All entries are to be quoted exactly; the images stay out of the copy.
**** EXERCISE MATERIALS ****
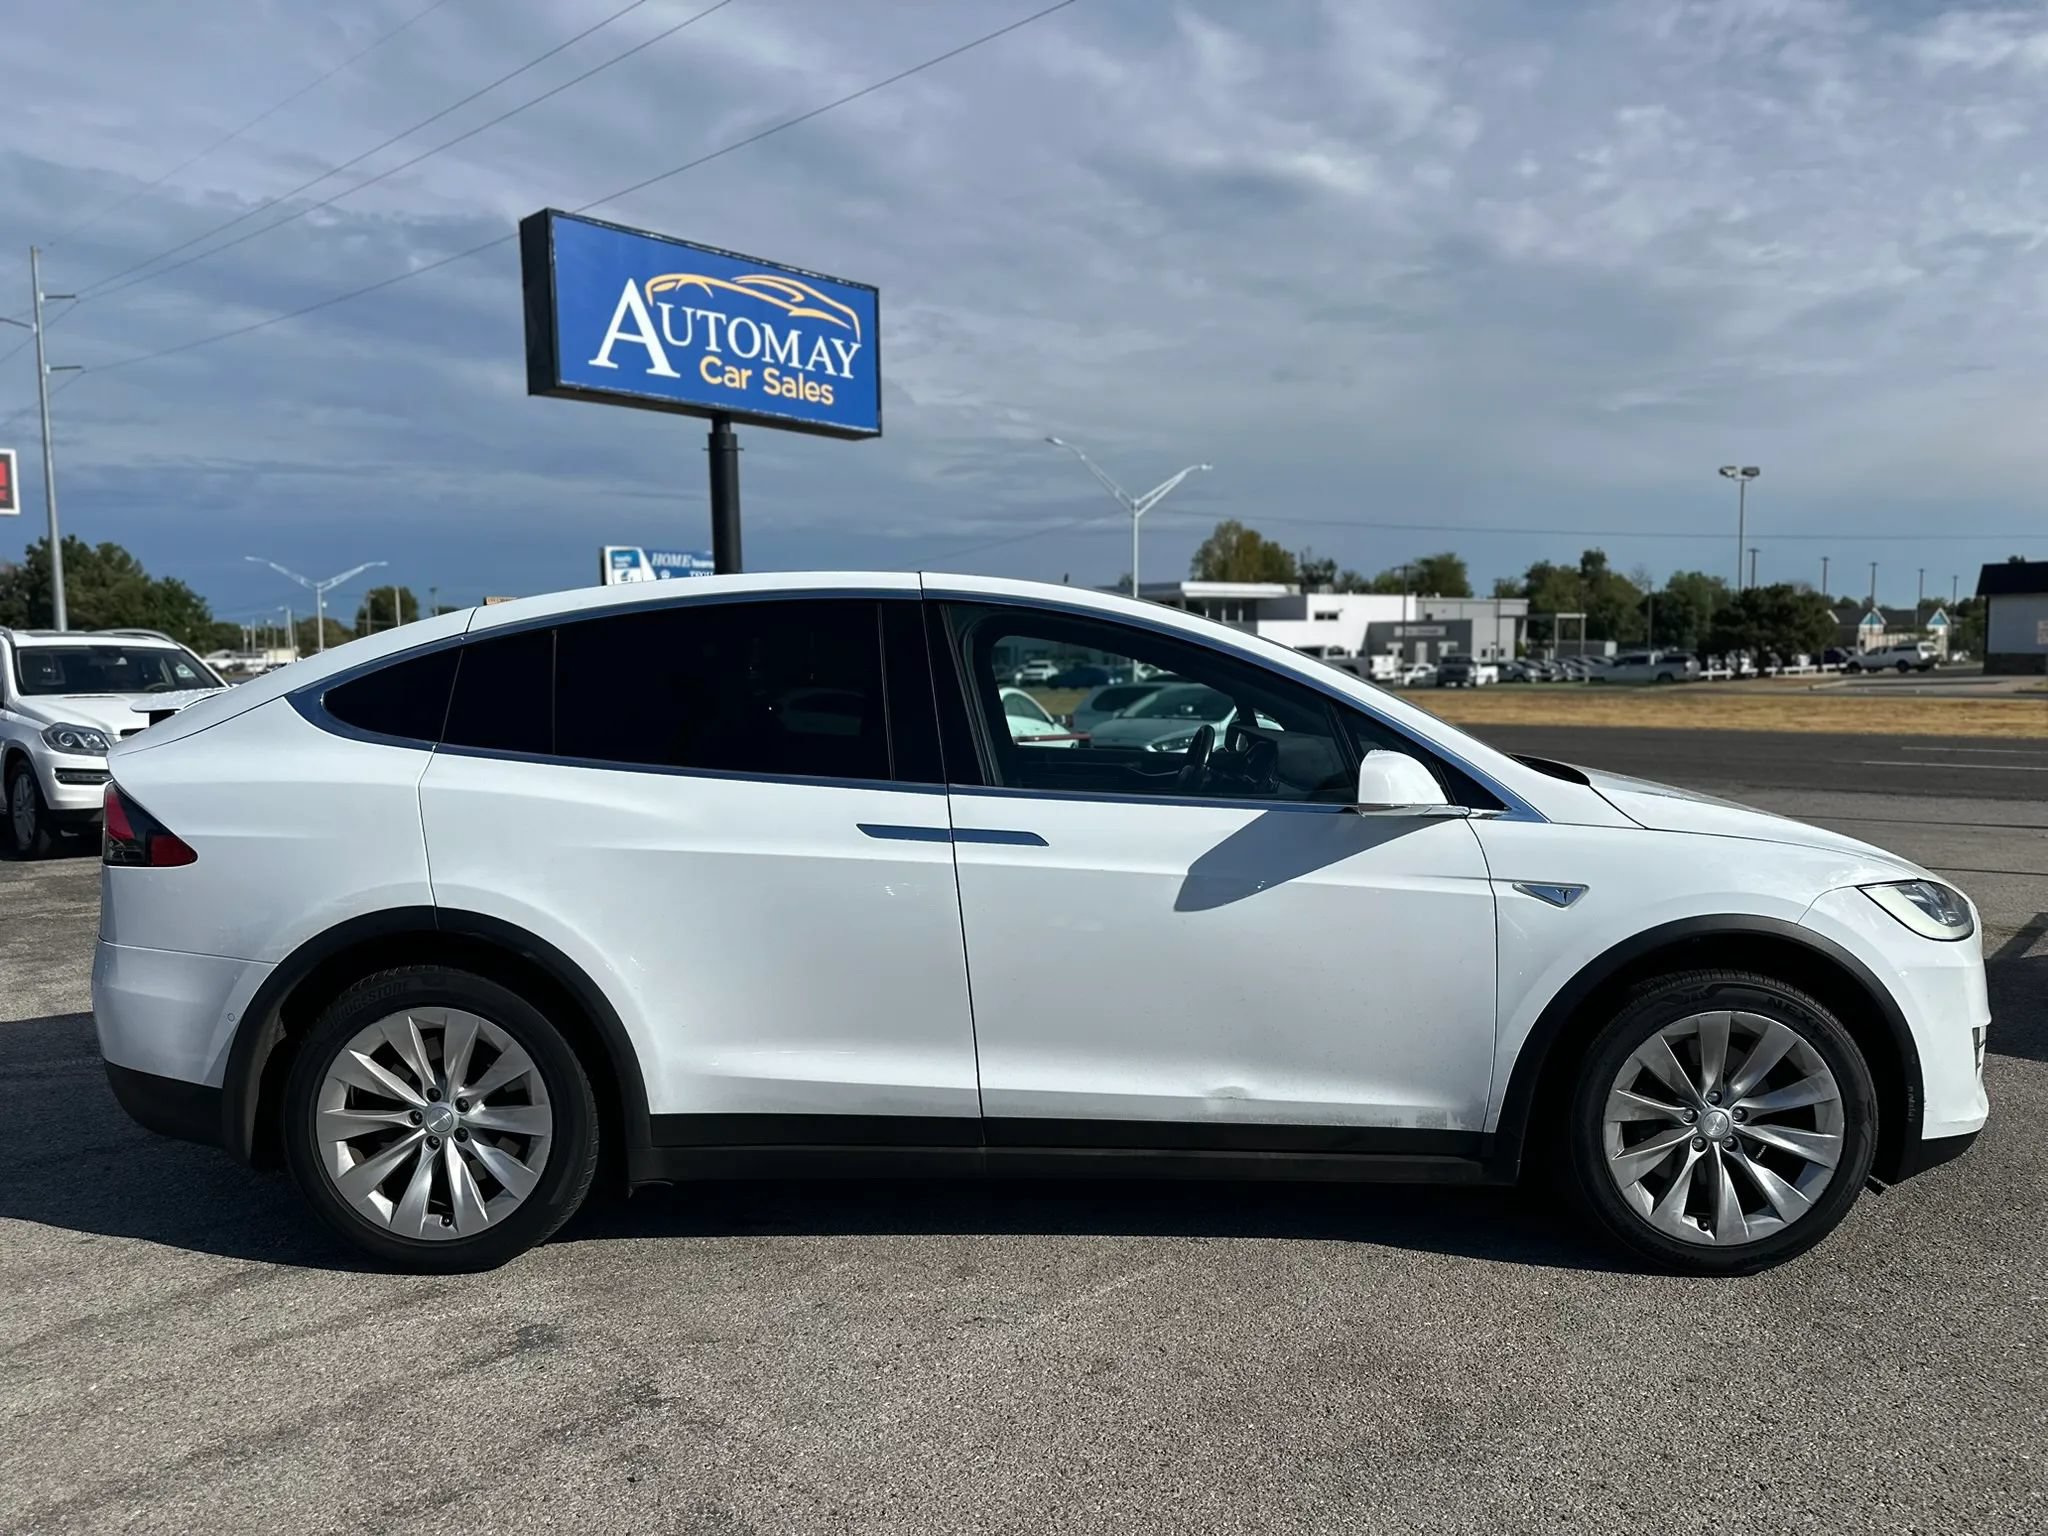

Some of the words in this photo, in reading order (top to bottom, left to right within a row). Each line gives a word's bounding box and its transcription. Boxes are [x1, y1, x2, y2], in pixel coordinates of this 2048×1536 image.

[588, 278, 861, 379] AUTOMAY
[700, 355, 752, 390] Car
[763, 367, 835, 406] Sales
[651, 551, 692, 568] HOME
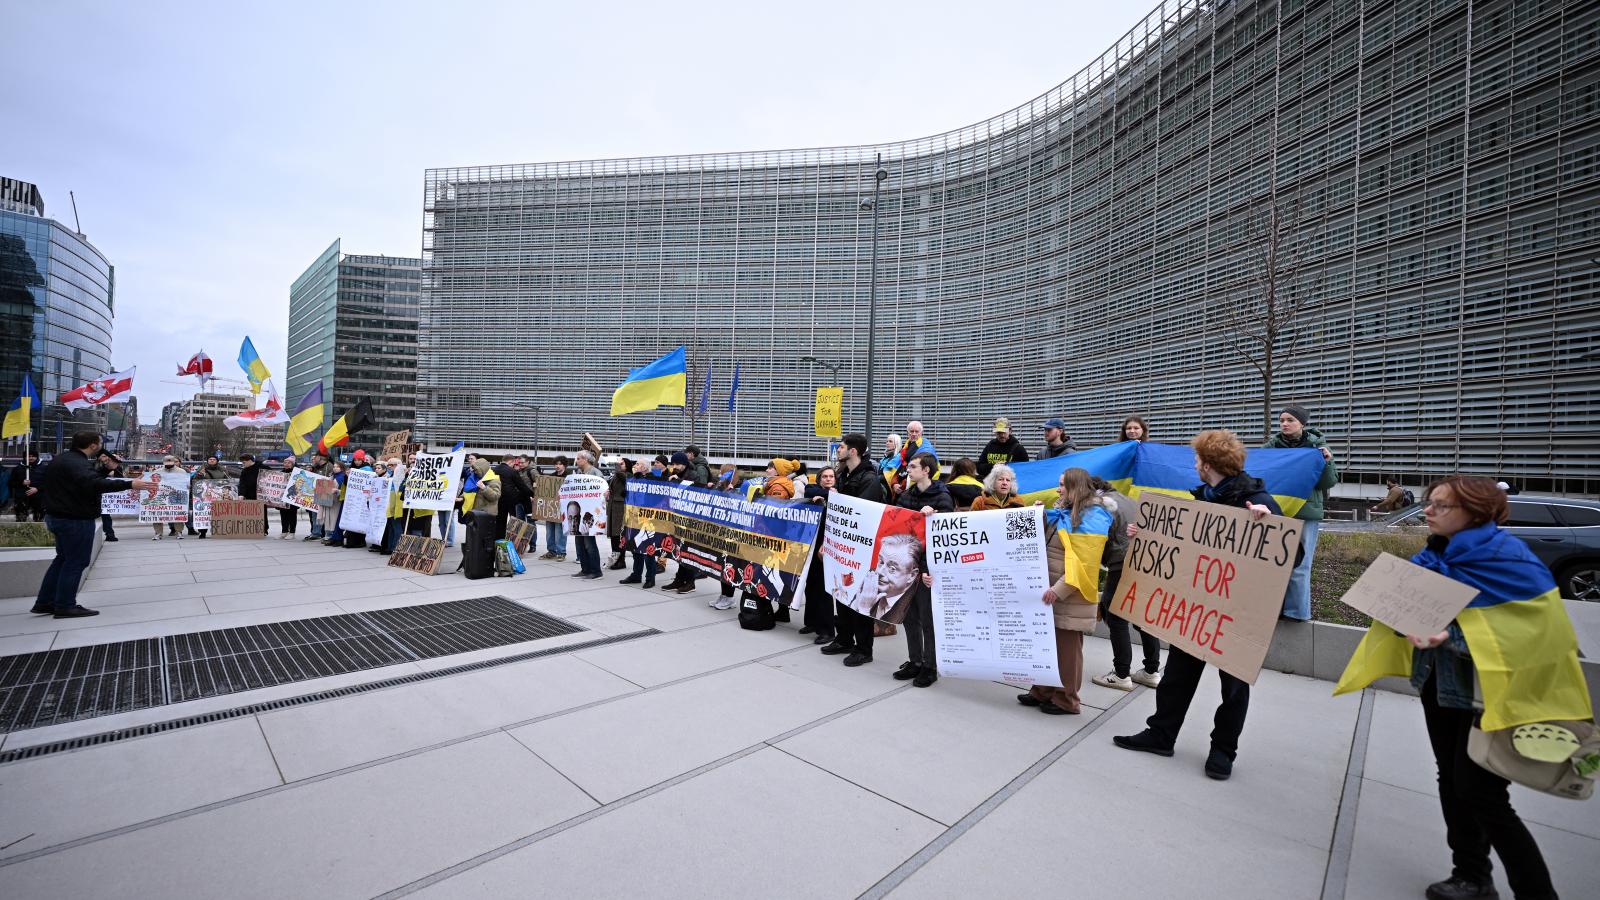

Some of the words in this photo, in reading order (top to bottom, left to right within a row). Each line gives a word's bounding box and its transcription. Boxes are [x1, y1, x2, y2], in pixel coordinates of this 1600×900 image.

[816, 420, 837, 428] UKRAINE
[427, 482, 443, 490] WAY
[412, 490, 446, 500] UKRAINE
[638, 508, 654, 518] STOP
[212, 519, 243, 535] BELGIUM
[841, 518, 848, 527] DE
[850, 520, 858, 529] LA
[931, 516, 968, 532] MAKE
[832, 528, 841, 537] DES
[842, 531, 873, 546] GAUFRES
[932, 531, 989, 548] RUSSIA
[1136, 501, 1189, 541] SHARE
[1191, 510, 1296, 567] UKRAINE'S
[933, 550, 960, 565] PAY
[1128, 537, 1181, 580] RISKS
[1192, 554, 1236, 600] FOR
[1119, 581, 1137, 614] A
[1144, 587, 1234, 655] CHANGE
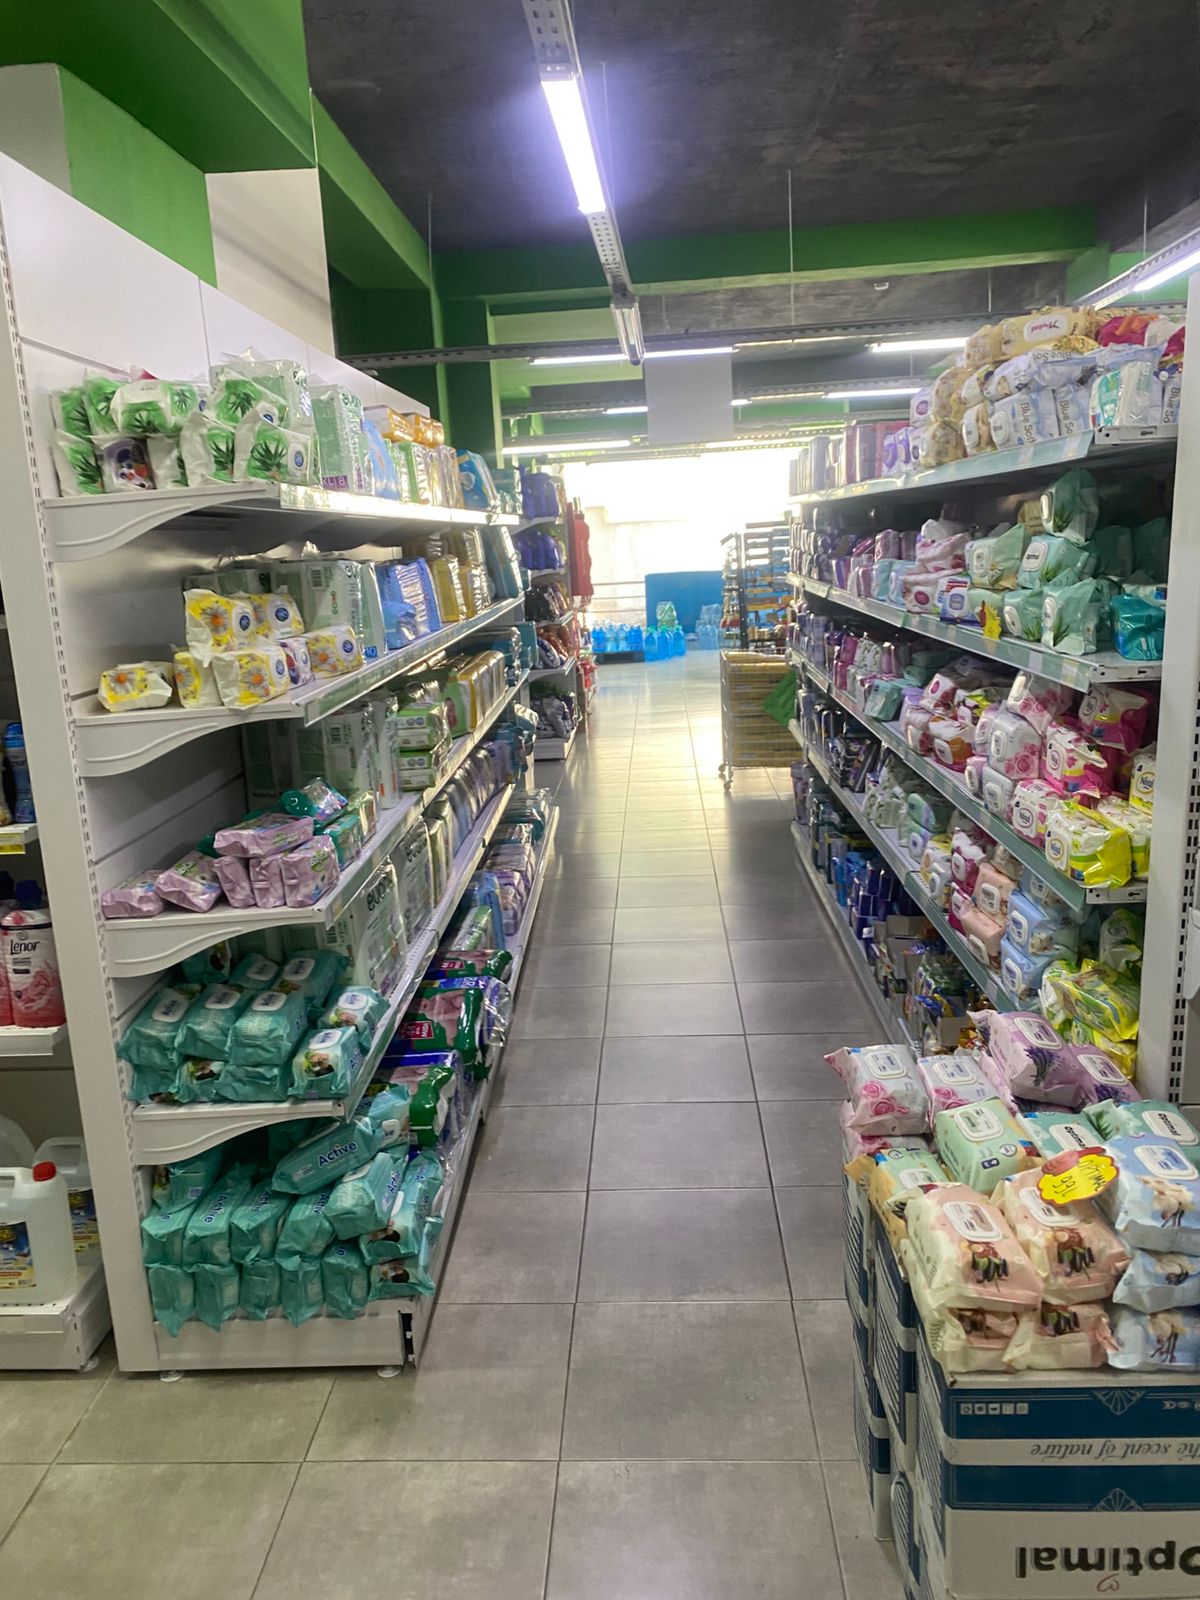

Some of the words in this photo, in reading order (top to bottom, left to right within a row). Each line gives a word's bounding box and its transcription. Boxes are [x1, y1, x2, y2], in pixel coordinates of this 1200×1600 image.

[1020, 403, 1030, 424] Blue
[10, 939, 41, 956] Lenor
[1158, 1113, 1182, 1137] Optimal
[1063, 1126, 1087, 1149] Optima
[317, 1141, 358, 1168] Active
[1030, 1442, 1093, 1462] nature
[1123, 1440, 1172, 1460] scent
[1016, 1540, 1200, 1579] Optimal
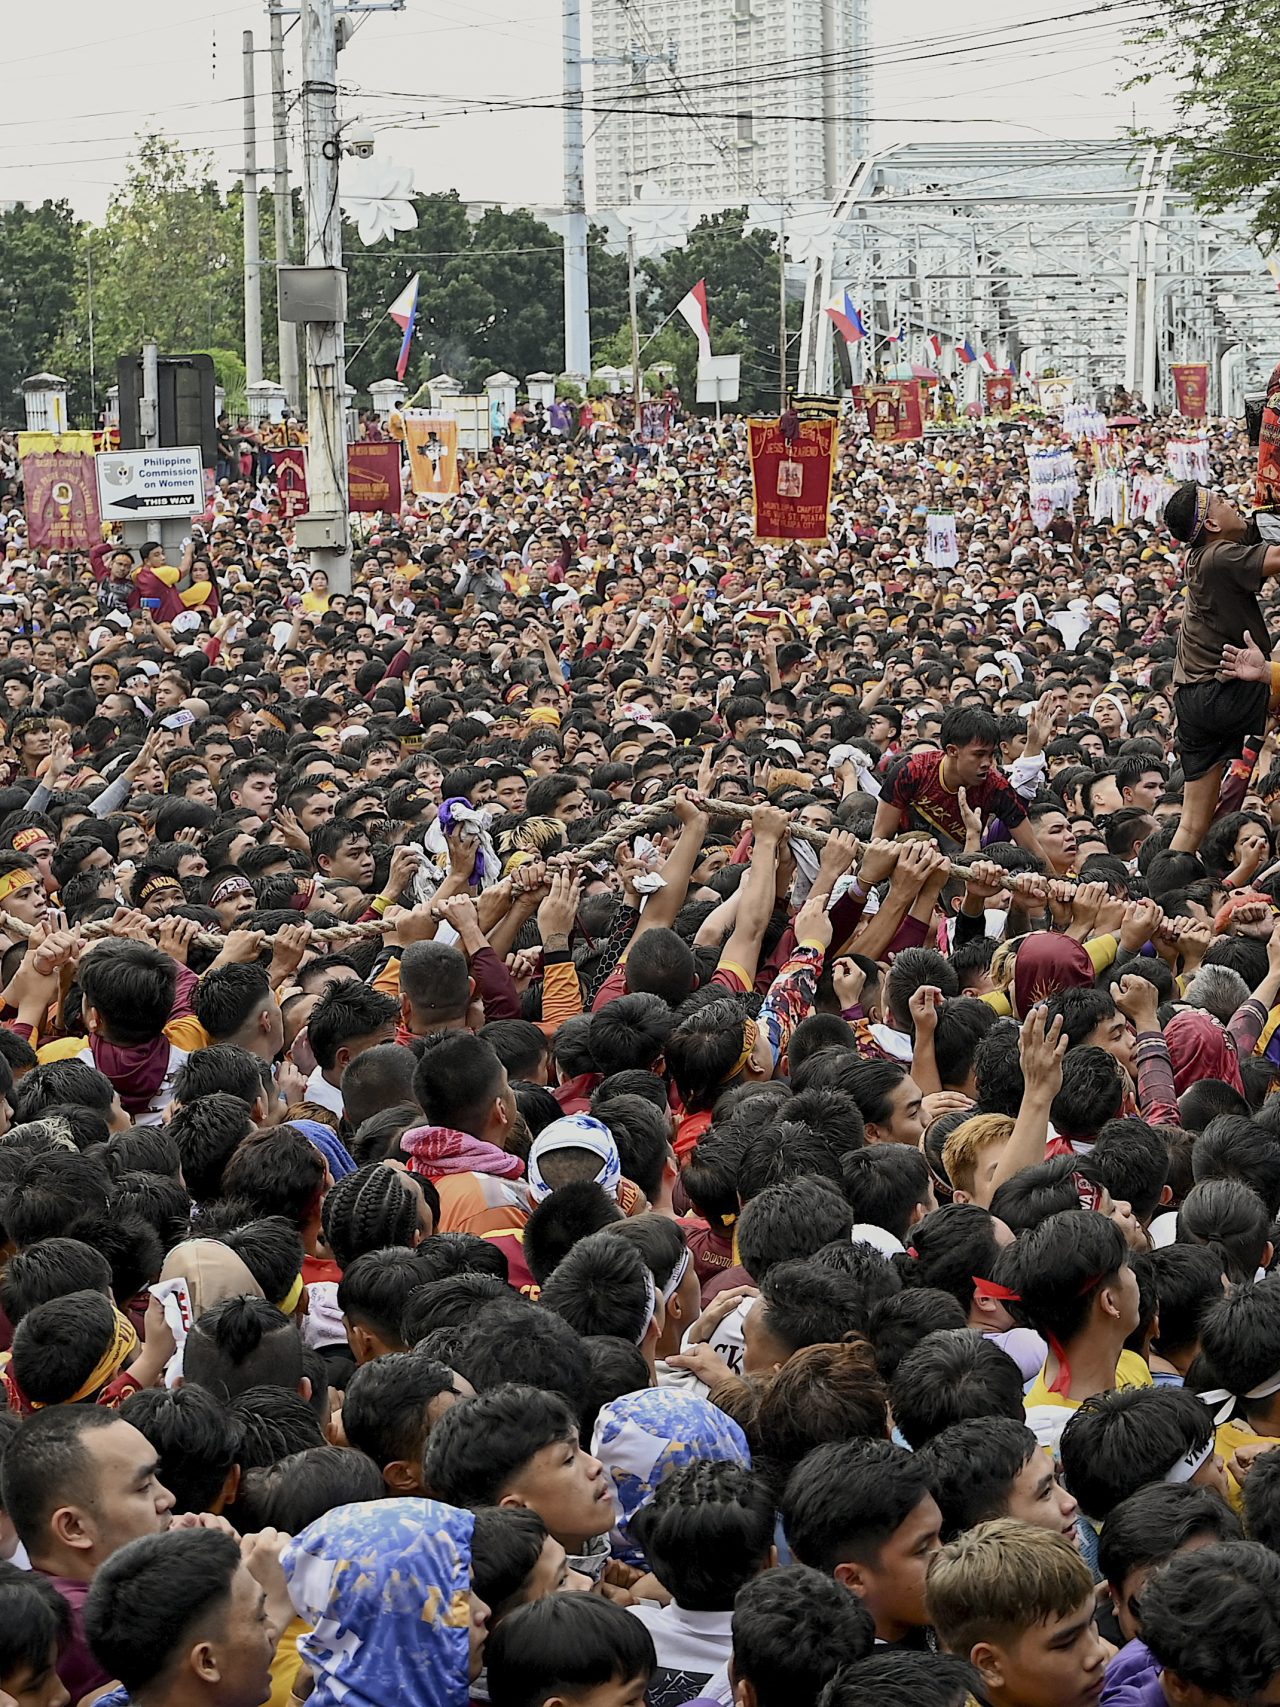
****
COMPLETED EXERCISE.
Some of the words in this photo, in reading order (top to bottom, left to right within a row). Each line gives a word's bounding box and its transcription. Boxes are [x1, y1, x2, y2], in pixel coordinates of this 2048×1536 image.

[588, 278, 861, 379] AUTOMAY
[700, 355, 752, 390] Car
[763, 367, 835, 406] Sales
[651, 551, 692, 568] HOME

Some of the words in this photo, in reading order (top to bottom, left to right within a row). Each line gives a word's bounding box and its transcription. Boxes are [x1, y1, x2, y2], in pixel coordinates of this 1600×900 image.

[816, 420, 837, 428] UKRAINE
[427, 482, 443, 490] WAY
[412, 490, 446, 500] UKRAINE
[638, 508, 654, 518] STOP
[212, 519, 243, 535] BELGIUM
[841, 518, 848, 527] DE
[850, 520, 858, 529] LA
[931, 516, 968, 532] MAKE
[832, 528, 841, 537] DES
[842, 531, 873, 546] GAUFRES
[932, 531, 989, 548] RUSSIA
[1136, 501, 1189, 541] SHARE
[1191, 510, 1296, 567] UKRAINE'S
[933, 550, 960, 565] PAY
[1128, 537, 1181, 580] RISKS
[1192, 554, 1236, 600] FOR
[1119, 581, 1137, 614] A
[1144, 587, 1234, 655] CHANGE

Some of the words in this photo, in reading order (top to bottom, left to right within a row). Each line gives a word's bounding box and its transcription. Boxes are [x1, y1, x2, y2], in pixel coordinates of this 1200×1600 image.

[1020, 403, 1030, 424] Blue
[10, 939, 41, 956] Lenor
[1158, 1113, 1182, 1137] Optimal
[1063, 1126, 1087, 1149] Optima
[317, 1141, 358, 1168] Active
[1030, 1442, 1093, 1462] nature
[1123, 1440, 1172, 1460] scent
[1016, 1540, 1200, 1579] Optimal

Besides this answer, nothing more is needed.